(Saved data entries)
+ + + +
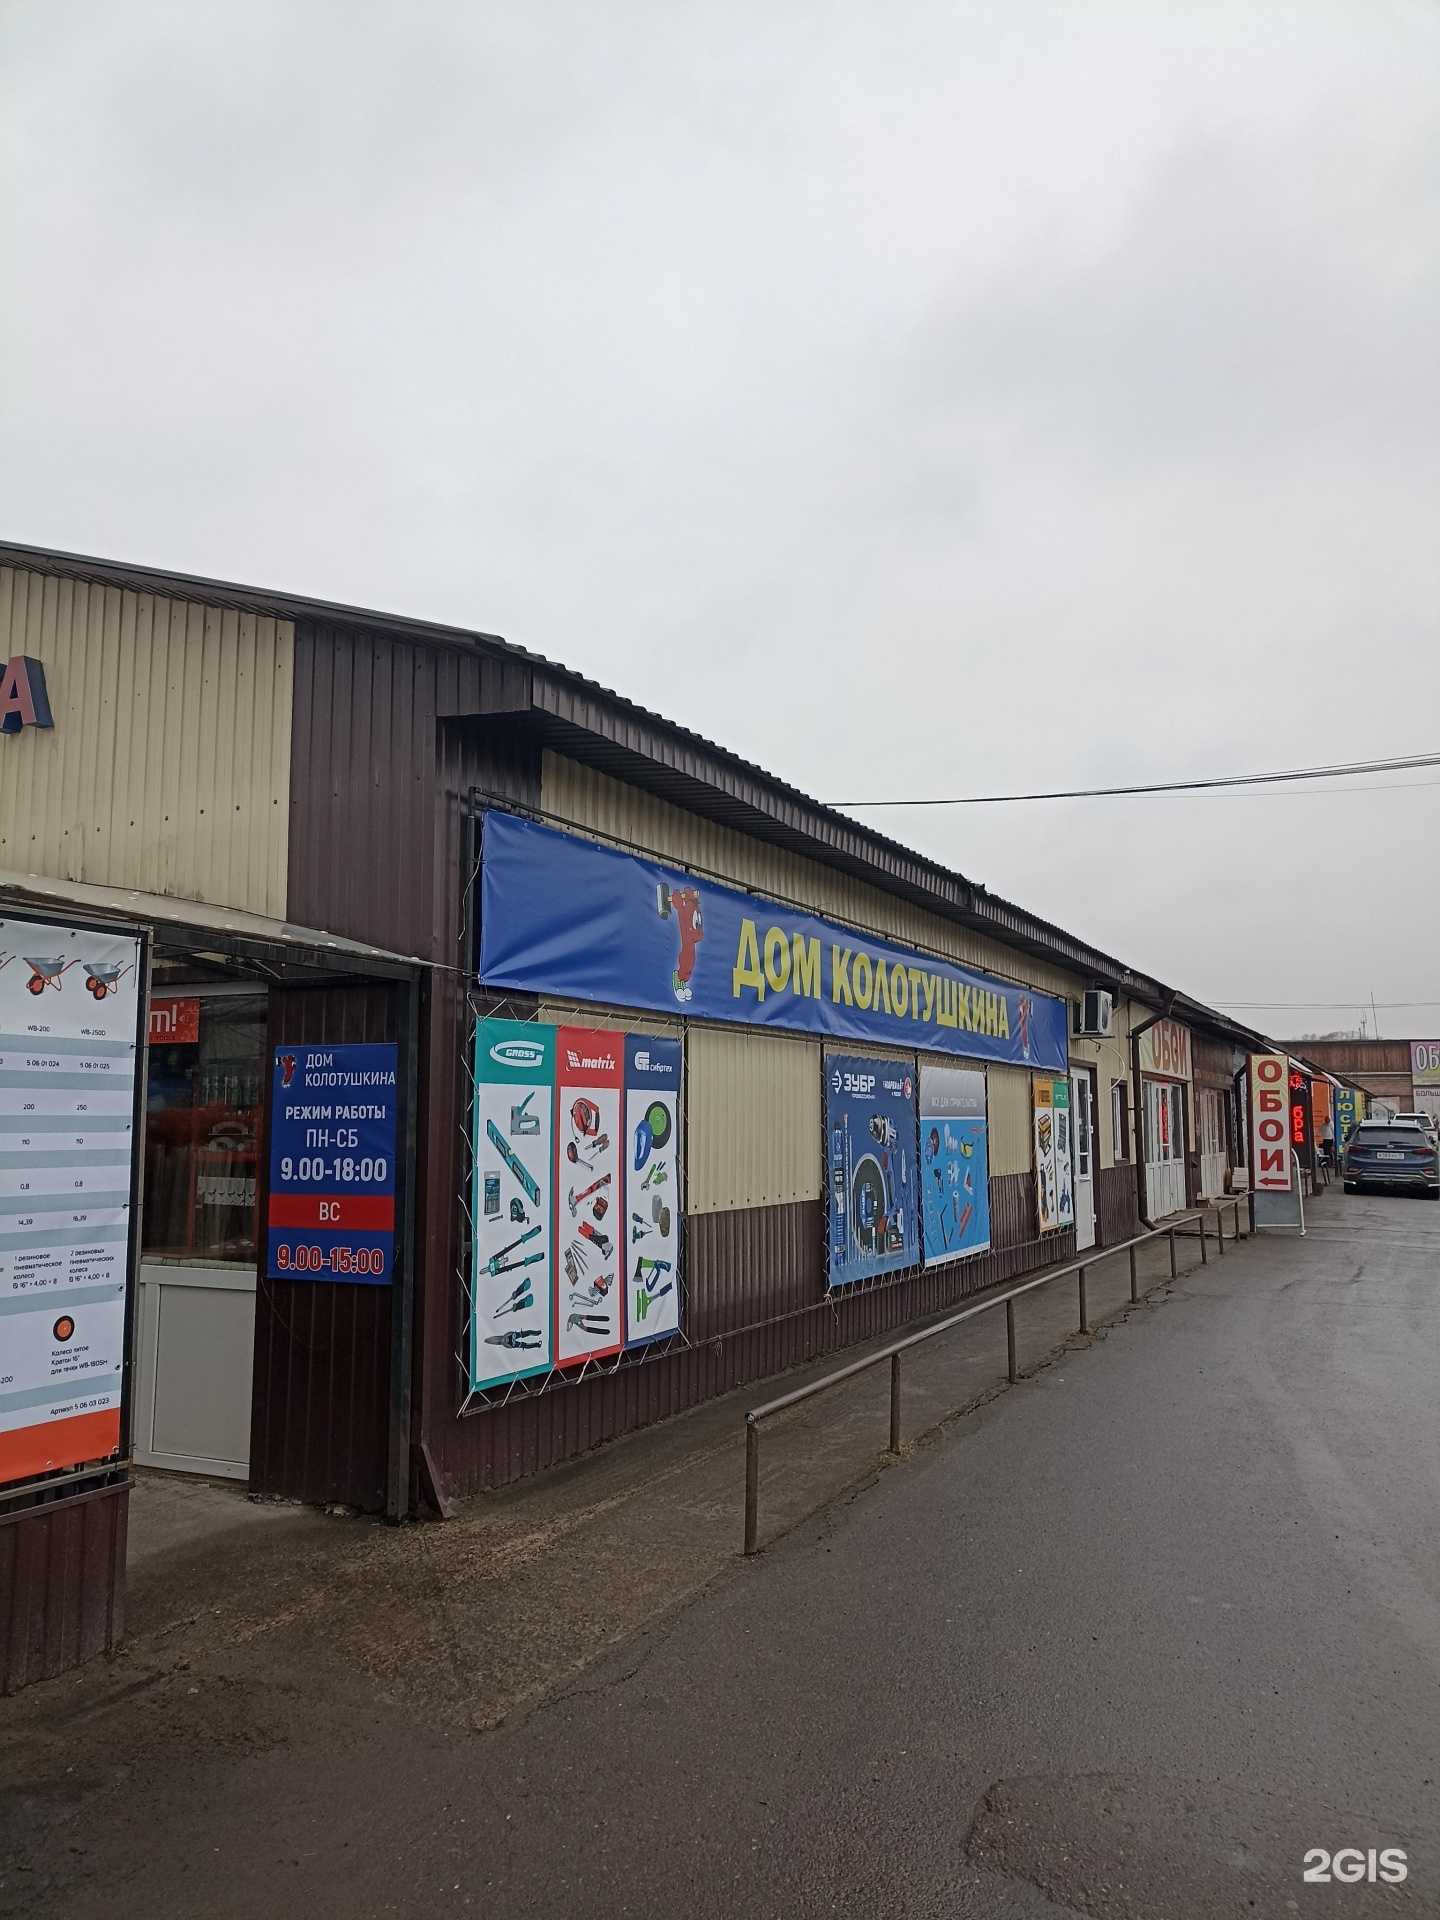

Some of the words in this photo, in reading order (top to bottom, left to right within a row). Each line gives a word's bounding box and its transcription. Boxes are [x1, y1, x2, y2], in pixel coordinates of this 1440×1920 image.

[732, 918, 822, 1002] ДОМ
[832, 944, 1010, 1040] КОЛОТУШКИНА
[1152, 1020, 1188, 1076] ОБОИ
[305, 1053, 334, 1069] ДОМ
[581, 1053, 616, 1070] matrix
[649, 1062, 673, 1073] сибртех
[305, 1071, 396, 1087] КОЛОТУШКИНА
[844, 1073, 876, 1092] ЗУБР
[285, 1106, 332, 1120] РЕЖИМ
[335, 1105, 386, 1120] РАБОТЫ
[1257, 1060, 1285, 1172] ОБОИ
[1293, 1106, 1304, 1142] бра
[306, 1128, 359, 1148] ПН-СБ
[280, 1157, 387, 1182] 9.00-18:00
[319, 1202, 340, 1222] ВС
[18, 1253, 50, 1262] резиновое
[277, 1244, 384, 1275] 9.00-15:00
[51, 1348, 72, 1357] Колесо
[51, 1358, 72, 1366] Кратон
[50, 1406, 74, 1416] Артикул
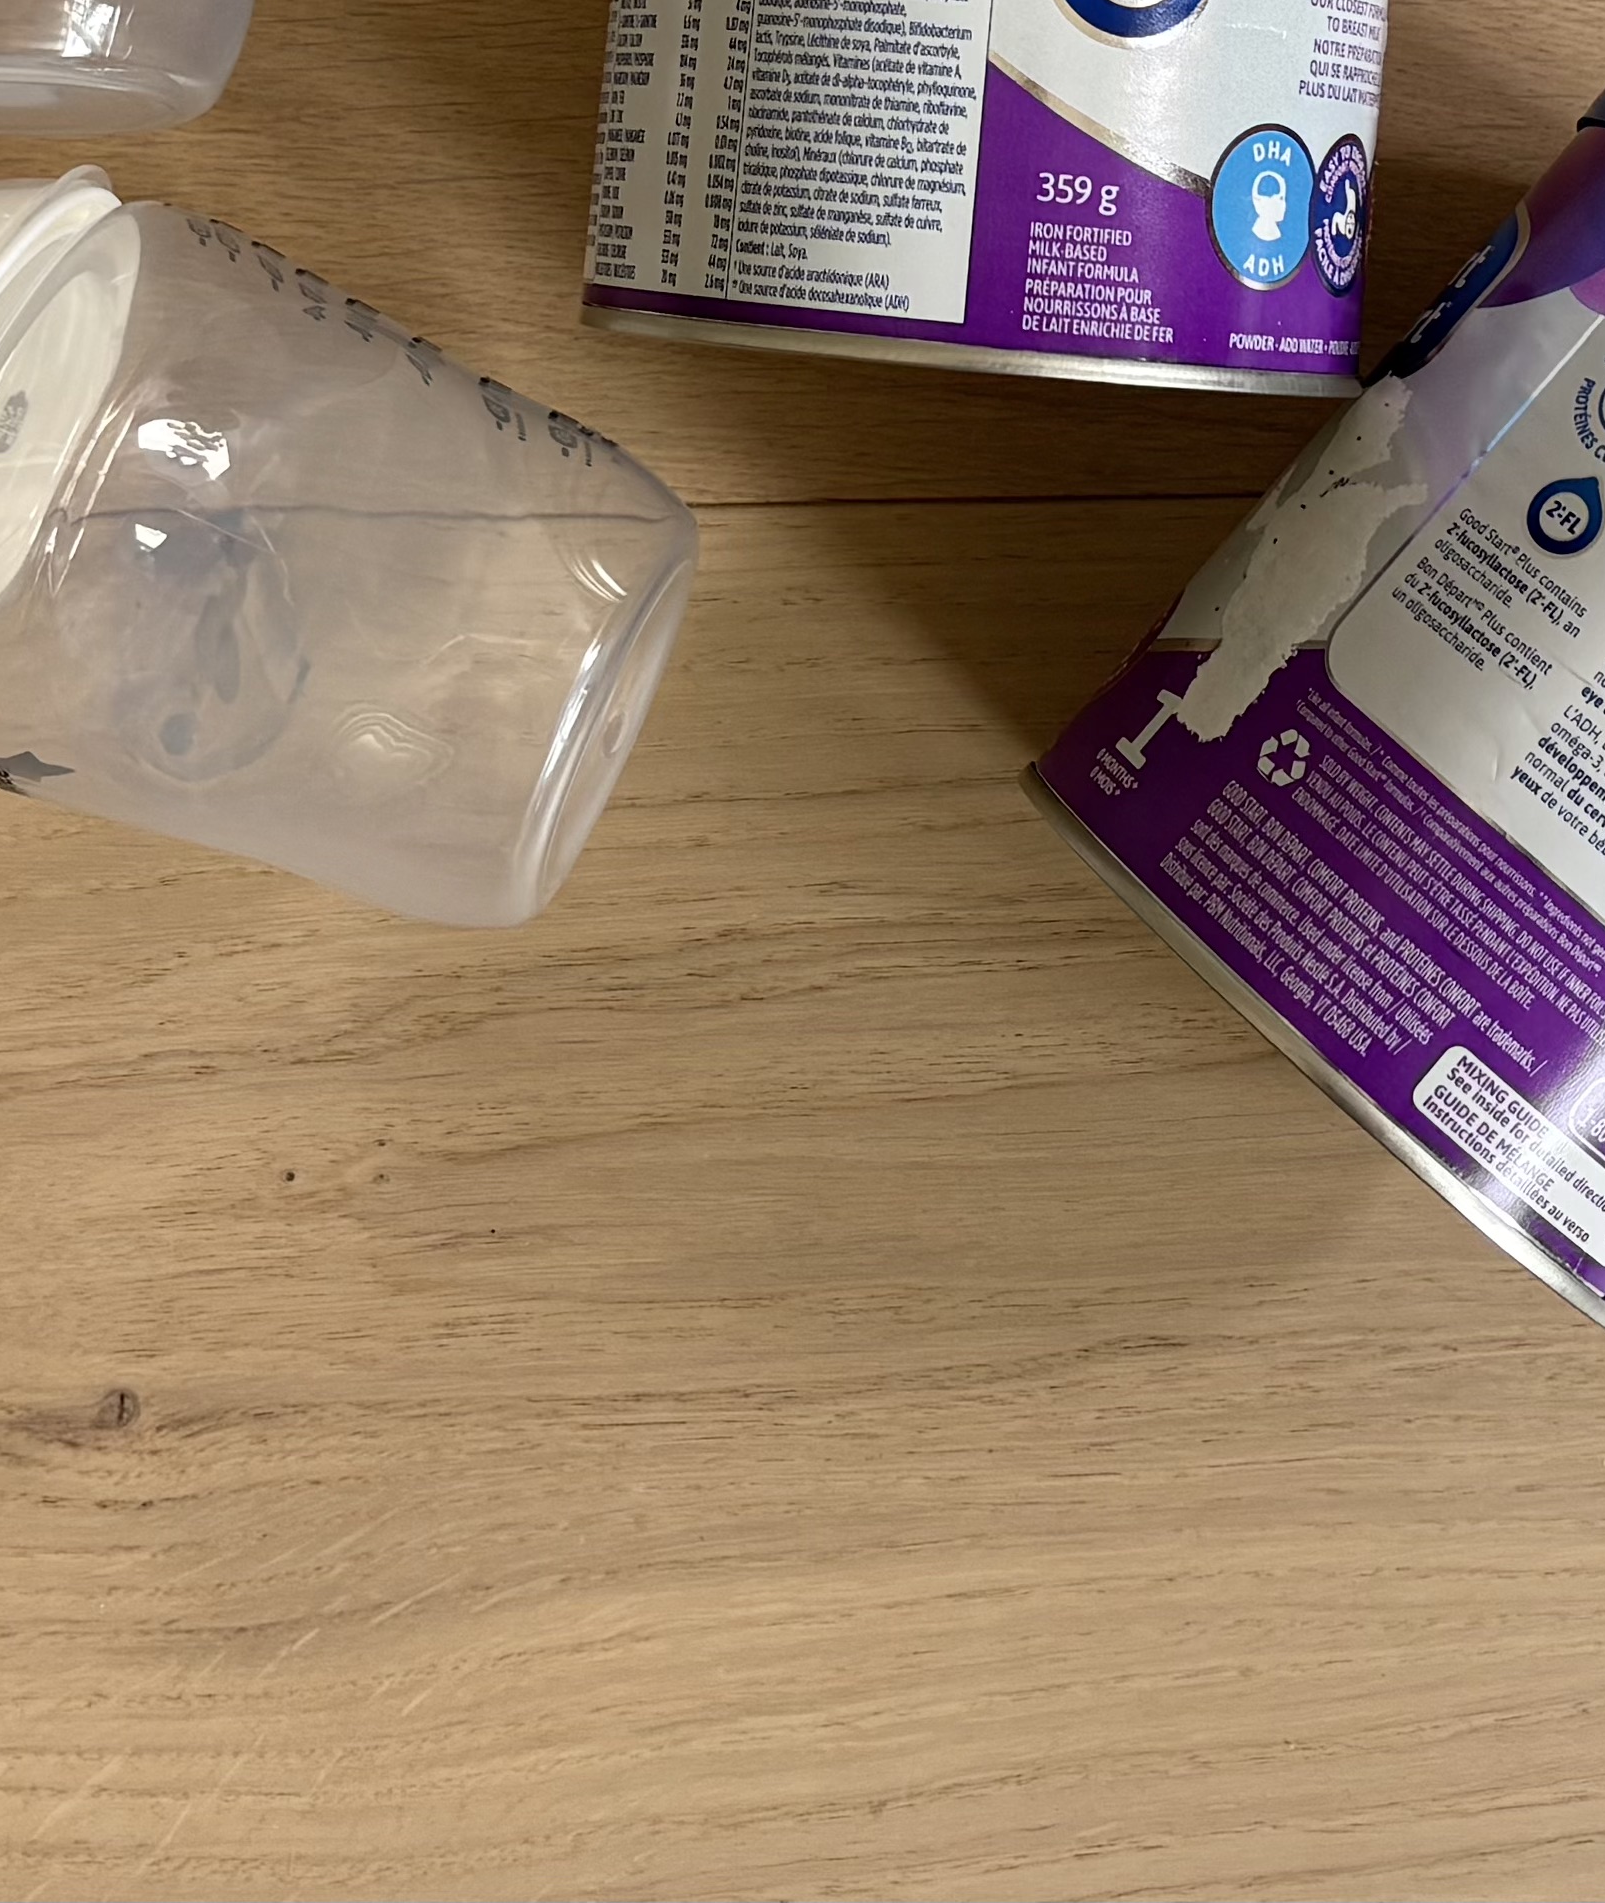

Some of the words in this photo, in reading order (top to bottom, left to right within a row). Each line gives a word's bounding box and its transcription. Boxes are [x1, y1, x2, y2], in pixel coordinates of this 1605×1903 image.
+ + + +
▸ **Problem description**: Could you print all the entries exactly as they stand, with the pictures left out?

▸ **Response to this task**:
Some of the words in this photo, in reading order (top to bottom, left to right within a row). Each line gives a word's bounding box and its transcription. Boxes are [x1, y1, x2, y2], in pixel coordinates of this 1440×1920 image.

[732, 918, 822, 1002] ДОМ
[832, 944, 1010, 1040] КОЛОТУШКИНА
[1152, 1020, 1188, 1076] ОБОИ
[305, 1053, 334, 1069] ДОМ
[581, 1053, 616, 1070] matrix
[649, 1062, 673, 1073] сибртех
[305, 1071, 396, 1087] КОЛОТУШКИНА
[844, 1073, 876, 1092] ЗУБР
[285, 1106, 332, 1120] РЕЖИМ
[335, 1105, 386, 1120] РАБОТЫ
[1257, 1060, 1285, 1172] ОБОИ
[1293, 1106, 1304, 1142] бра
[306, 1128, 359, 1148] ПН-СБ
[280, 1157, 387, 1182] 9.00-18:00
[319, 1202, 340, 1222] ВС
[18, 1253, 50, 1262] резиновое
[277, 1244, 384, 1275] 9.00-15:00
[51, 1348, 72, 1357] Колесо
[51, 1358, 72, 1366] Кратон
[50, 1406, 74, 1416] Артикул

Some of the words in this photo, in reading order (top to bottom, left to right within a row). Each line gives a word's bounding box and its transcription. Boxes are [x1, y1, x2, y2], in pixel coordinates of this 1605×1903 image.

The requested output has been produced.